Kranker Mann mit einer Tasse Tee liegt auf dem Sofa
Die ständig und stark steigenden Krankenkassenprämien sind zur Hauptsorge der Menschen in der Schweiz geworden, wie eine grosse SRG-Umfrage zeigt. Keystone / Martin Ruetschi

In der Schweiz tragen die Krankenversicherten einen Viertel der Gesundheitskosten. Der neue Anstieg der Krankenversicherungsprämien von fast neun Prozent, der am Dienstag für 2024 angekündigt wurde, wird ihr Budget künftig noch mehr belasten. Nur: Eine Reform des Systems grenzt ans politisch Unmögliche.

Jedes Jahr dasselbe Ritual: Die Gesundheitskosten steigen und mit ihnen die Krankenversicherungsprämien. Wie das Bundesamt für Gesundheit (BAG) am Dienstag bekanntgab, werden die Krankenkassenprämien im nächsten Jahr um durchschnittlich 8,7% steigen.

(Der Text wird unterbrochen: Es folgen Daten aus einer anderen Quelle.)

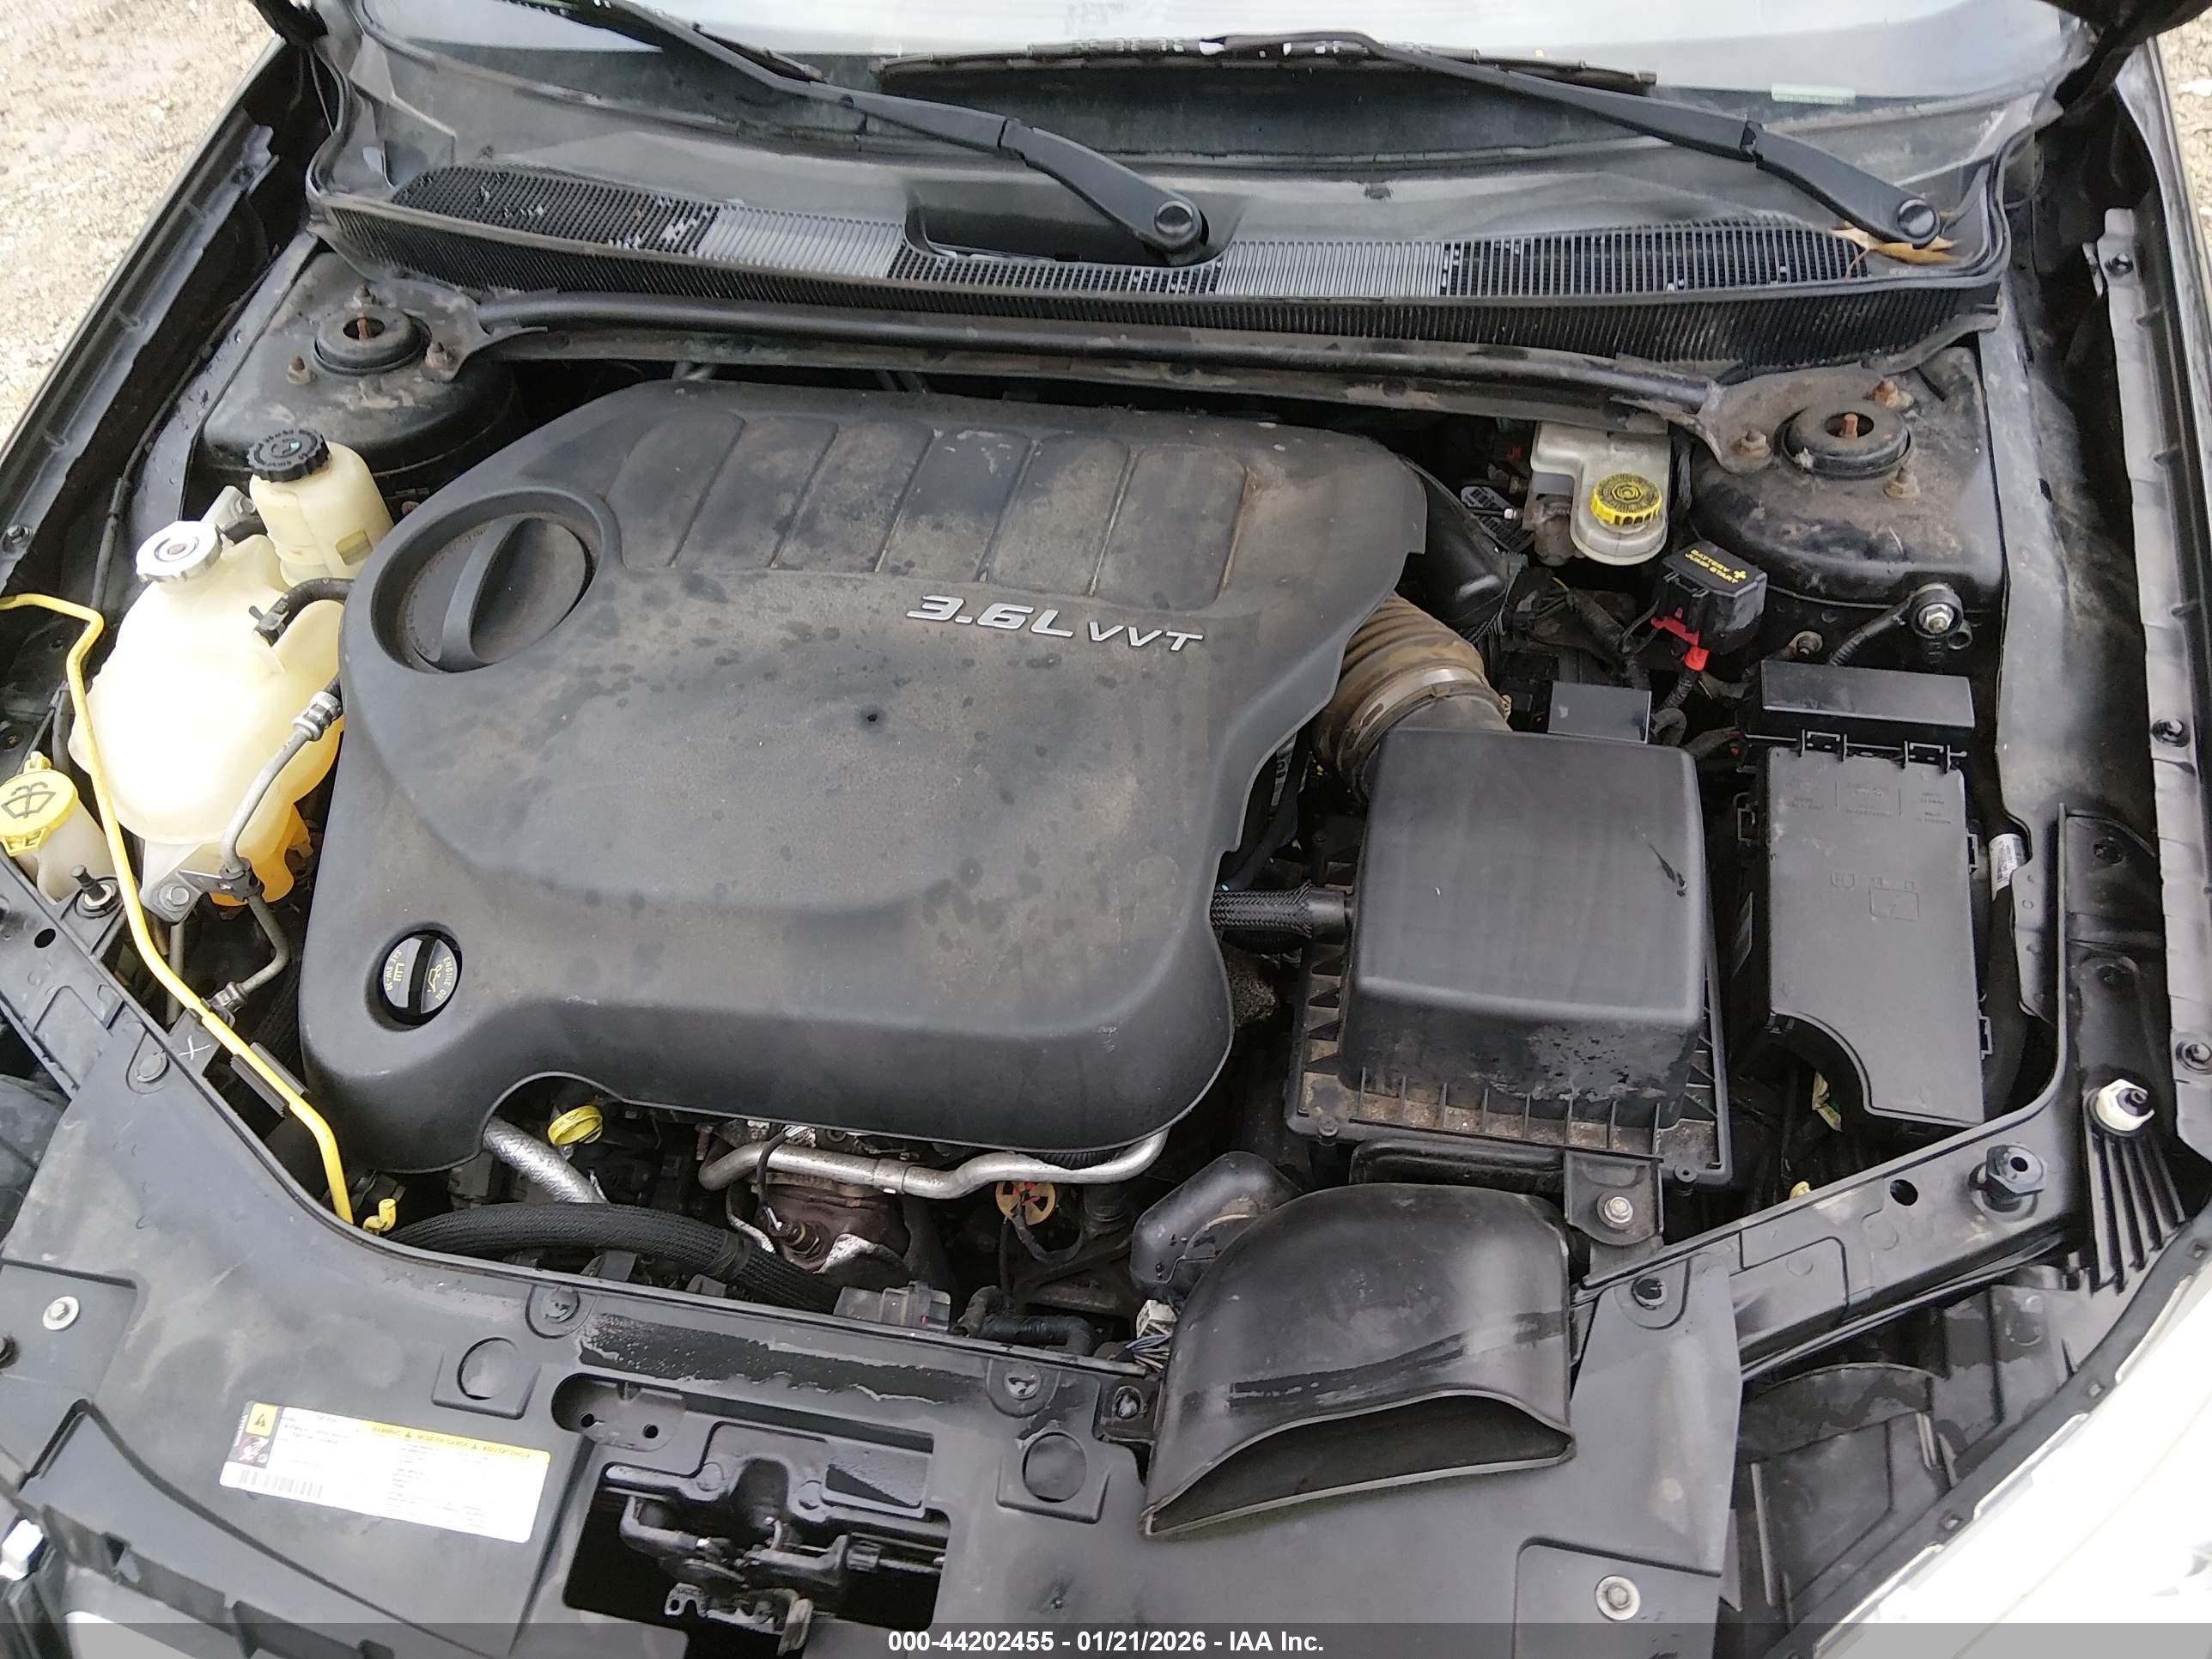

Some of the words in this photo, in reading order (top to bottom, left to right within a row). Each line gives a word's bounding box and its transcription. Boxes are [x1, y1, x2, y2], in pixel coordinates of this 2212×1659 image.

[1690, 549, 1731, 572] BATTERY
[1709, 566, 1739, 584] START
[906, 594, 1074, 638] 3.6L
[1088, 621, 1205, 653] VVT
[390, 949, 402, 963] SAE
[443, 956, 453, 986] ENGINE
[434, 989, 447, 1001] OIL

Diese fortlaufenden Kosten- und Prämienexplosionen sind im Wahljahr 2023 zur grössten Sorge der Schweizer:innen avanciert, wie unsere grosse Umfrage kürzlich gezeigt hat. Im Vorfeld der eidgenössischen Wahlen am 22. Oktober hat das Problem auch die politischen Debatten belebt.

Die Parteien überbieten sich gegenseitig mit Vorschlägen, wie das Gesundheitssystem zu reformieren sei. Dabei wird aber rasch klar, dass es keine einfachen Lösungen gibt.

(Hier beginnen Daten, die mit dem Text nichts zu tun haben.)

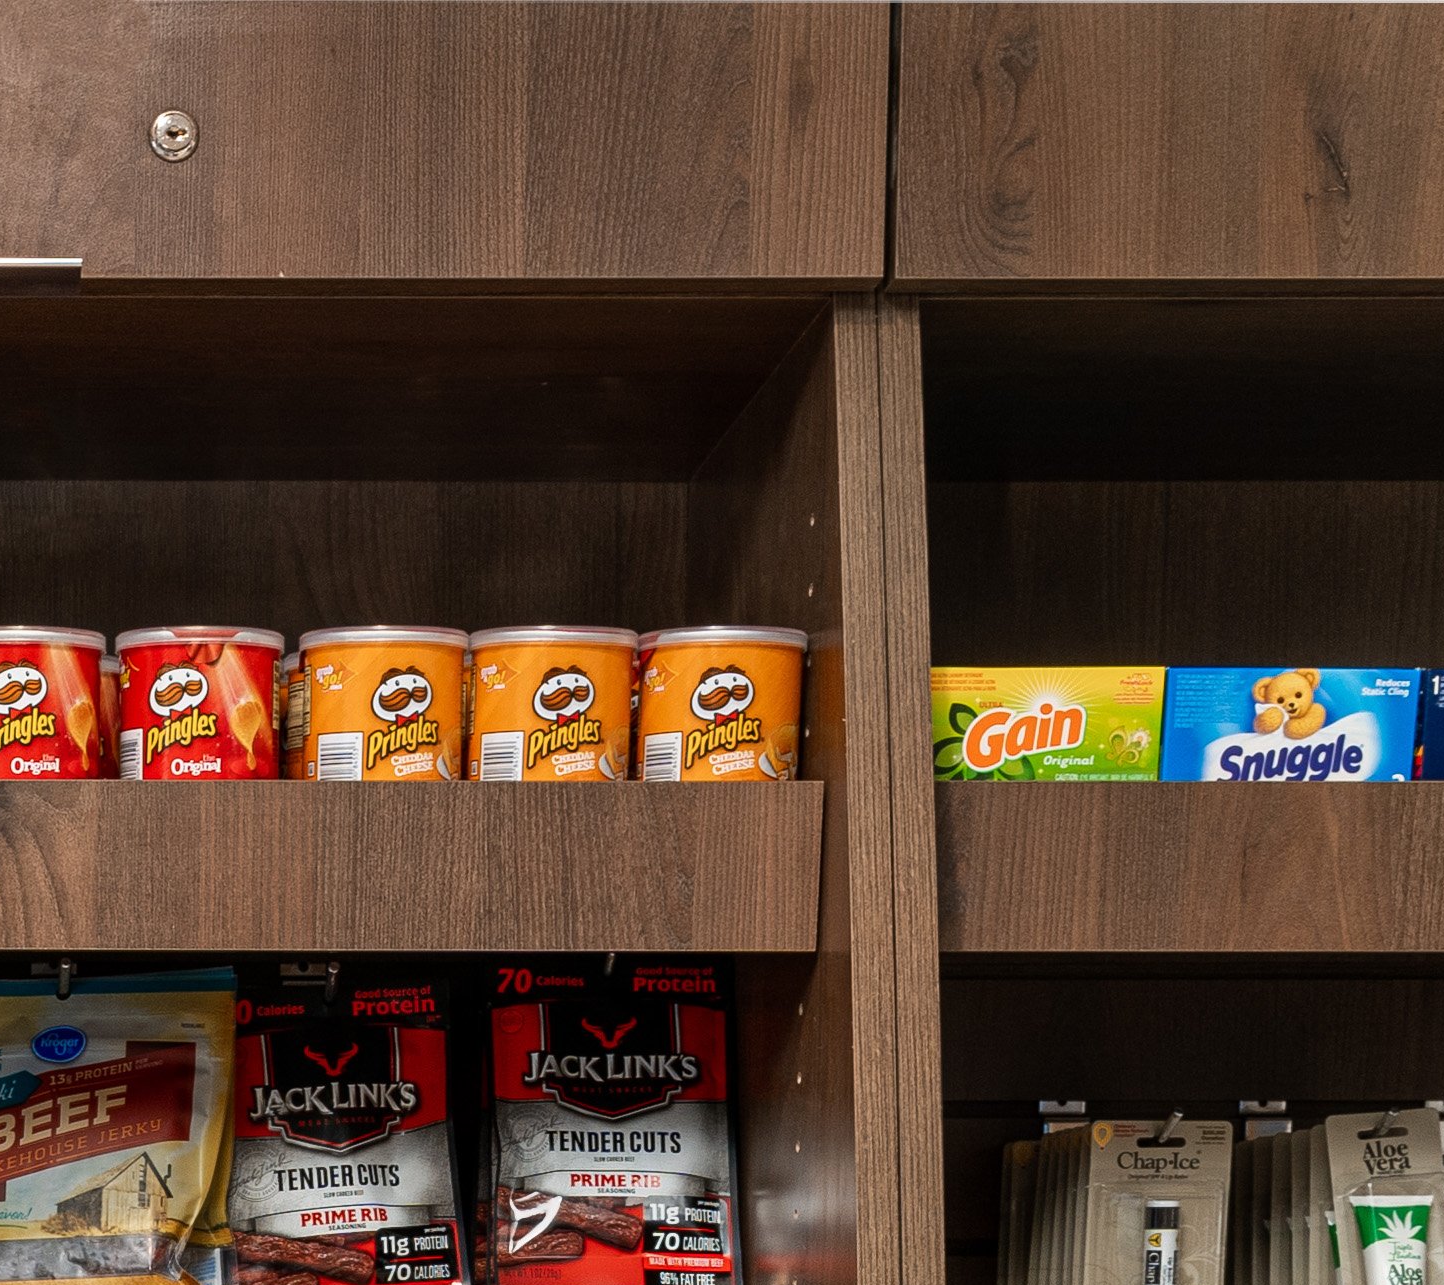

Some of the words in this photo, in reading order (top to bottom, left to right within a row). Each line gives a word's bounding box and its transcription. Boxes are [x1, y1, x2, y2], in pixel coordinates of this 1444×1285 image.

[963, 704, 1087, 769] Gain
[1042, 755, 1095, 767] Original
[1219, 737, 1364, 783] Snuggle
[632, 976, 716, 994] Protein
[40, 1033, 79, 1057] Kroger
[49, 1073, 72, 1088] 13g
[75, 1062, 133, 1081] PROTEIN
[251, 1085, 329, 1121] JACK
[330, 1081, 417, 1113] LINK'S
[97, 1118, 162, 1144] JERKY
[546, 1130, 625, 1153] TENDER
[629, 1131, 682, 1153] CUTS
[1363, 1141, 1408, 1160] Aloe
[1364, 1154, 1412, 1174] Vera
[301, 1210, 357, 1228] PRIME
[361, 1207, 388, 1223] RIB
[653, 1232, 679, 1251] 70
[682, 1235, 723, 1252] CALORIES

Die Tatsache, dass die Schweizer Haushalte einen grossen Teil der Gesundheitskosten selbst tragen müssen, ist fixer Teil des Systems. Die Grundversicherung bei einer Krankenkasse ist für alle, die im Land leben, obligatorisch. Die Prämien variieren aber von Anbieter zu Anbieter teils beträchtlich.

Hinzu kommt, dass die Krankenversicherung nicht die gesamten Gesundheitskosten erstattet, die bei Krankheit oder Unfall entstehen. Die Versicherten müssen einen Teil aus eigener Tasche bezahlen. Je höher dieser Selbstbehalt, desto günstiger die Monatsprämie. Die Franchise ist auf maximal 2500 Franken begrenzt.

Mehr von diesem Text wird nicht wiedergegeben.